───── AVAILABLE DATA
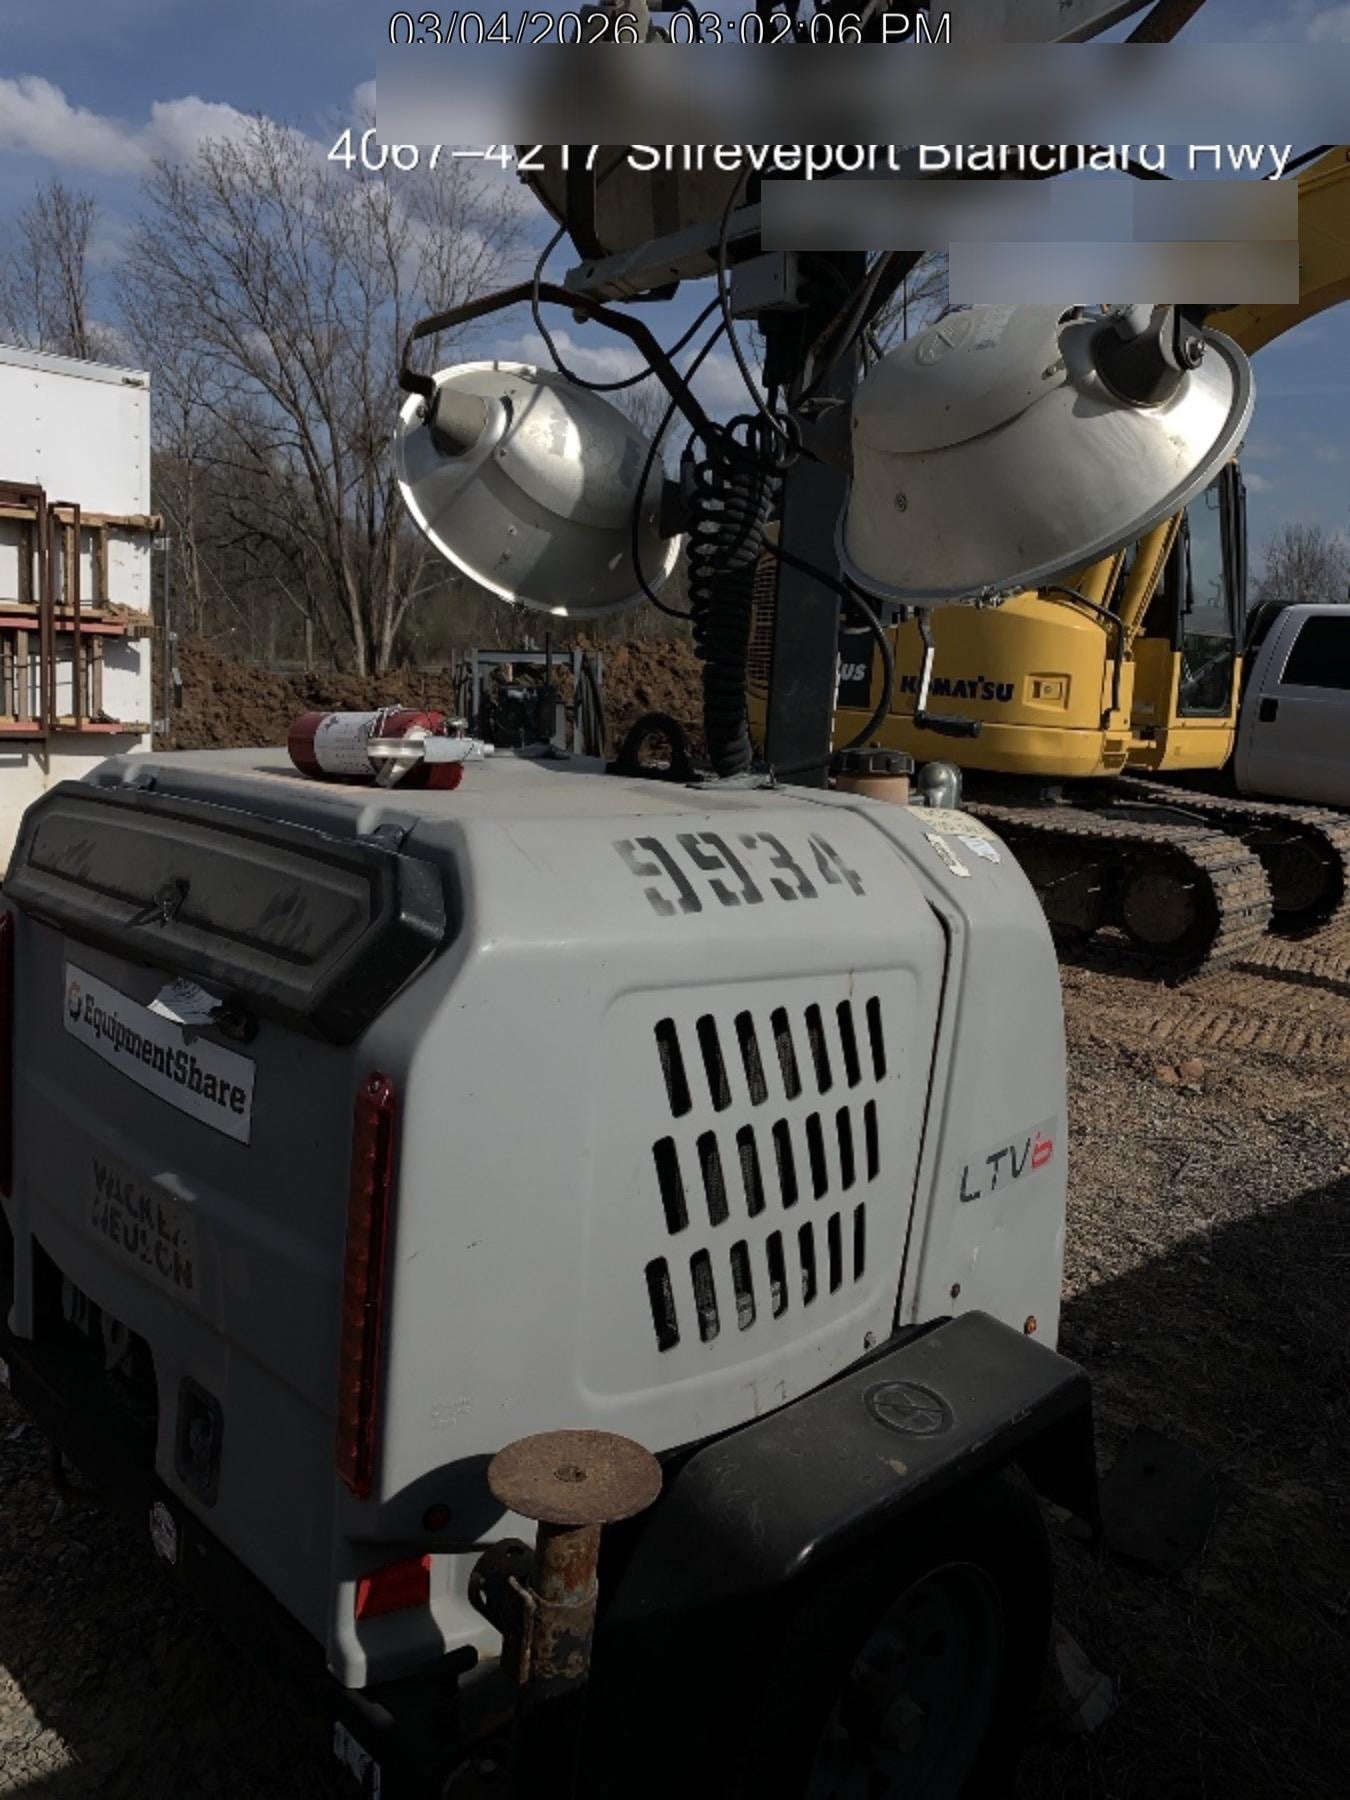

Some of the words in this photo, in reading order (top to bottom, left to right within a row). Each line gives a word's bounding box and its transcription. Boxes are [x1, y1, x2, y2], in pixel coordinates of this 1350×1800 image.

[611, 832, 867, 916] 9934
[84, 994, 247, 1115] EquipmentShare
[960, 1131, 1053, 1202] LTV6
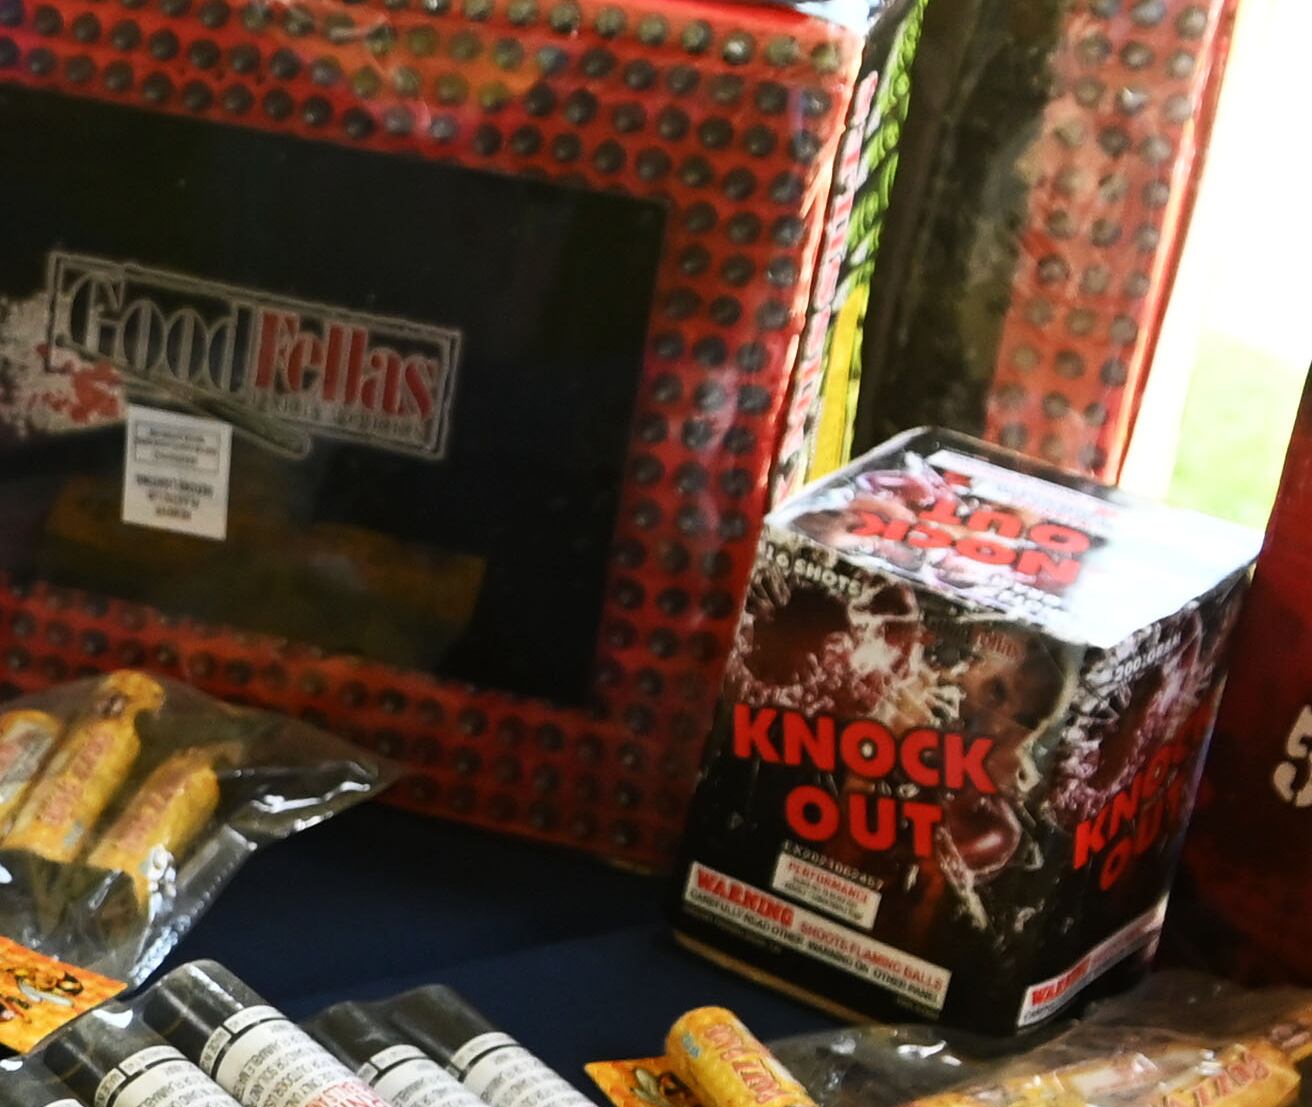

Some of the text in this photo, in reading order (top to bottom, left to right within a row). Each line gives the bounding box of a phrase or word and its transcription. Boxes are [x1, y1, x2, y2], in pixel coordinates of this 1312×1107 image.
──────────
Go through the listing above and retype it exactly, skipping every picture.

▶ EXERCISE OUTPUT
Some of the words in this photo, in reading order (top to bottom, left to right within a row). Each line gives a word's bounding box and its transcription. Boxes are [x1, y1, x2, y2], in pixel coordinates of this 1350×1800 image.

[611, 832, 867, 916] 9934
[84, 994, 247, 1115] EquipmentShare
[960, 1131, 1053, 1202] LTV6

Some of the text in this photo, in reading order (top to bottom, left to right within a row). Each line gives the bounding box of a phrase or word and its transcription. Boxes are [x1, y1, x2, y2], in pixel coordinates of this 1312×1107 image.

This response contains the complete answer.